Sent from my iPhone using Tapatalk


----------



## arbitrator (Feb 13, 2012)

*With both my XW and RSXW's adulterous junkets coming into the foray, not very likely!

Both told me to move out, I suspect, so that they could continue their private "exercise sessions" without having me around to remotely interfere!*


----------



## Cooper (Apr 18, 2008)

My niece and her husband are going thru divorce yet still living together. I find it a very odd situation and she is stressed to the max. I was there the other night when he came home and it was very uncomfortable, he didn't say one word to her or me, they have two kids, 12 and 7, and even the kids got quiet and still, way too much tension to deal with in my opinion.

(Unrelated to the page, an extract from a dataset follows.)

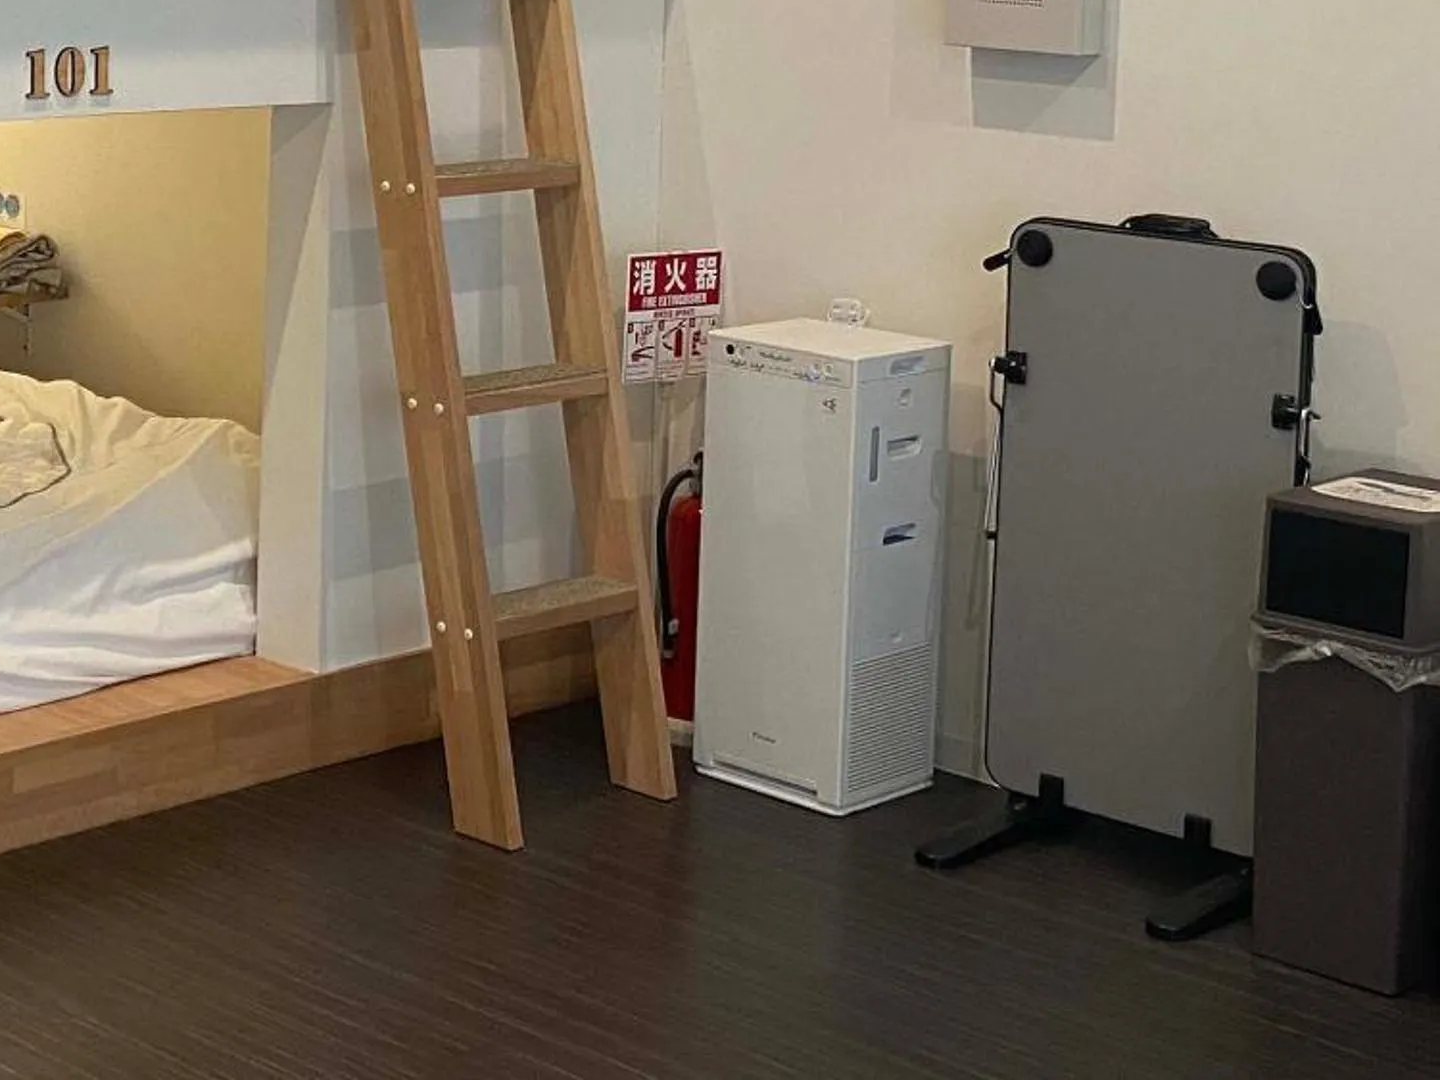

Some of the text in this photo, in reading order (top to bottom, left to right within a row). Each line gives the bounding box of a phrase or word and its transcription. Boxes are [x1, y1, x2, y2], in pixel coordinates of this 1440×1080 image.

Sadly neither one have the financial resources to move out until the divorce is final, and their divorce may take some time because they are arguing about everything.


----------



## MJJEAN (Jun 26, 2015)

My exH and I tried that because we didn't have the resources to live separate. It lasted less than 6 weeks. I'm sure some people can manage it, but my ex and I loathed each other and things got even uglier than normal once the split became public and no one was obligated to keep up the facade.

YMMV.


----------



## Bananapeel (May 4, 2015)

It took about a month from the time I filed for divorce for my ex to find an apartment and she lived with me during that time. There was some tension but it was manageable. We basically just behaved like adults and continued with eating family meals together and doing other family activities until her apartment was available. The only difference was I had her sleep in the guest bedroom and we didn't sit by each other at night on the couch. I even helped her move into her new apartment and even paid the security deposit to get her going. It would have been a lot harder it we extended the arrangement another month until the divorce was final because that was when she got emotional and would call me up to scream at me (I just put down the phone and ignored her). 

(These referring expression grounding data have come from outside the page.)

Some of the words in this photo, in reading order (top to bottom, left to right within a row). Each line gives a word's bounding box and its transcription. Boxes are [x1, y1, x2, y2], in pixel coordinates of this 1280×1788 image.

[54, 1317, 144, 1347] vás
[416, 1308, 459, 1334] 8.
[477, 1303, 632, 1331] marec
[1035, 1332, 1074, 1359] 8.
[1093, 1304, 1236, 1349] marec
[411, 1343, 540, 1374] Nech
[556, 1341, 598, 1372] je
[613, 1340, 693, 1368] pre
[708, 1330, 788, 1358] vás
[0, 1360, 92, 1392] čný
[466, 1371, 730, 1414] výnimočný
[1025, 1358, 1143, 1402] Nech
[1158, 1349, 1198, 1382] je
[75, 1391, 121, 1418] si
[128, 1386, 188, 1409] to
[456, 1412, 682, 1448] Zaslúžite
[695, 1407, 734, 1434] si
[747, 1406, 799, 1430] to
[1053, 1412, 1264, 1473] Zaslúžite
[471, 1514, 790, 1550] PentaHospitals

If you are both mature people and can stifle your emotional outbursts it can work as a short term compromise. But it is generally an uncomfortable situation and you need to expect that. You also need to make sure you are both on the same page that there is going to be no attempt at reconciliation because it is much harder to detach emotionally with your soon to be ex-spouse living under the same roof as you.


----------



## GuyInColorado (Dec 26, 2015)

Nope. Moved to a free company house rental and started banging chicks the next day. No regrets. Only live once.

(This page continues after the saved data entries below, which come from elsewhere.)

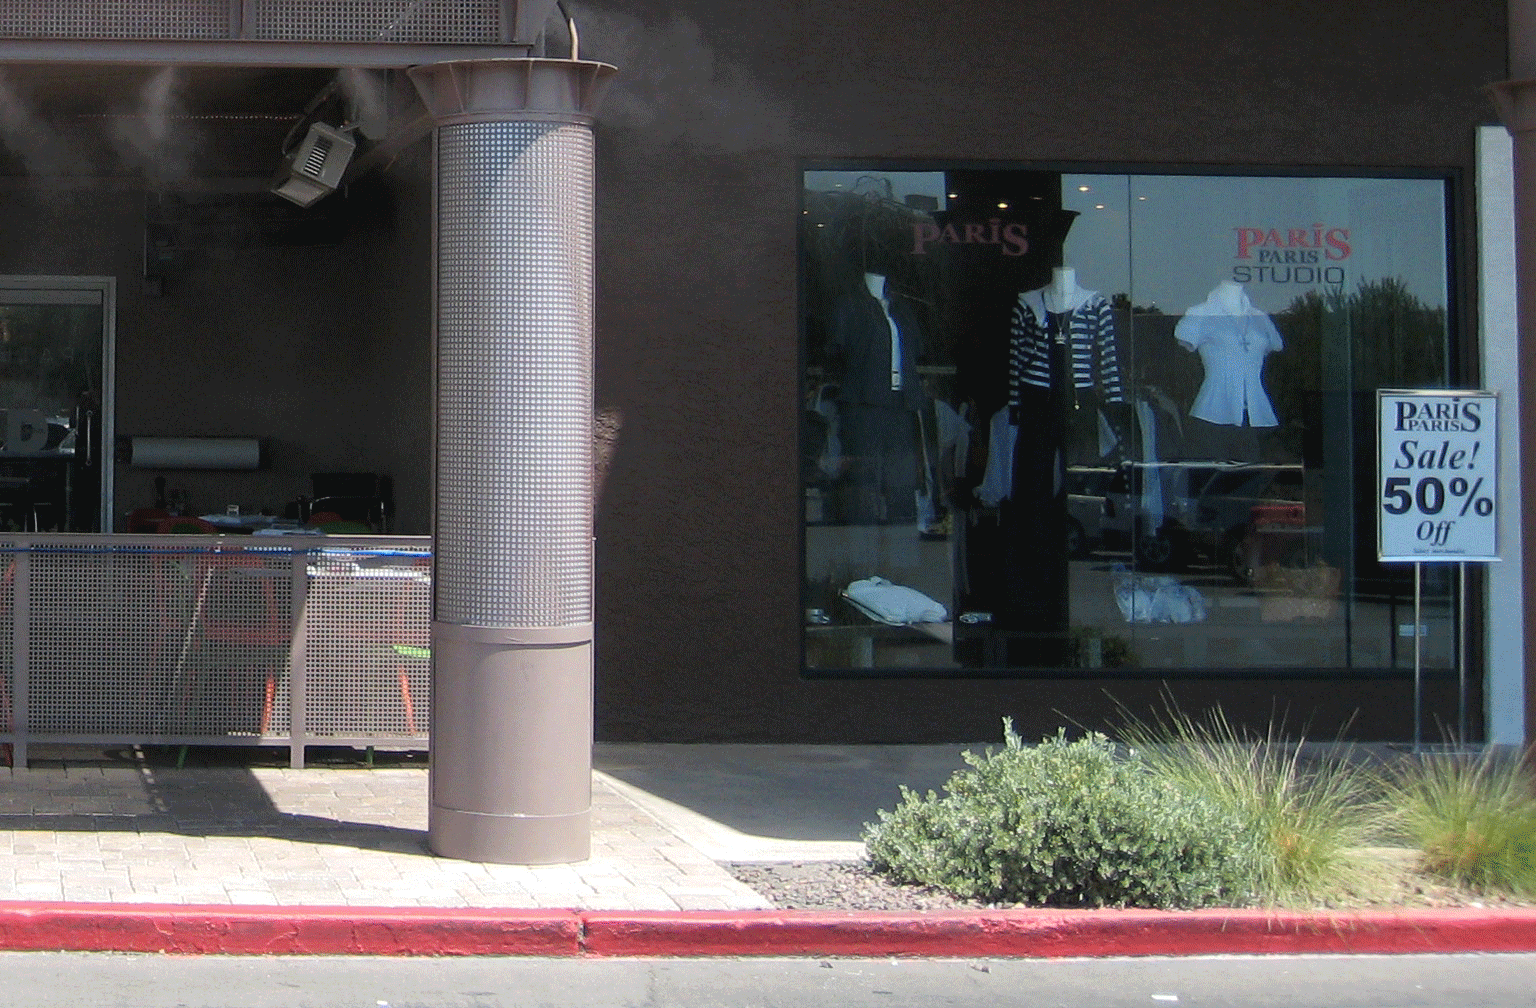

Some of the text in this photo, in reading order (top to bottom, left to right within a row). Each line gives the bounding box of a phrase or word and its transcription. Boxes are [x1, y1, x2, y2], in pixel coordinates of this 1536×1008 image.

[1233, 223, 1352, 260] PARIS
[1259, 249, 1319, 263] PARIS
[1233, 265, 1345, 284] STUDIO
[1394, 396, 1481, 432] PARIS
[1408, 420, 1460, 432] PARIS
[1394, 440, 1480, 470] Sale!
[1383, 477, 1493, 517] 50%
[1416, 520, 1456, 546] Off

However, I was living in the basement bedroom a month prior and doing my own cooking/laundry. We were living like roommates for years, so I could have done it if I had to.


----------



## Openminded (Feb 21, 2013)

I did that for about six months. It was an extremely stressful time and I don't recommend it.


----------



## brooklynAnn (Jun 29, 2015)

Bad idea my husband's cousin is doing that now and it's bad. He hates her...she still loves him. But yet he would not leave....it's her house. awfullll....


----------



## Foxesandowls (Sep 15, 2017)

So, it's really going to depend on the situation. My husband told me on 09/15 that he didn't want to be married anymore and we've decided to go our separate ways. We were already in the process of getting our house ready to sell and so we have all these project going on. I kind of want him around to hold up his end of the work. He probably could move out while we sell the house, but thus far, things have been amicable and we're talking like we've never talked before.

I'm not saying it's easy. Most days, I feel pretty crazy--feeling pretty much every emotion simultaneously. And it's pretty surreal--some of the conversations we're having. But, I'm doing my best to put practicalities before my emotions. I think if our situation was different (if he had cheated on me, for example) I would have a different answer. 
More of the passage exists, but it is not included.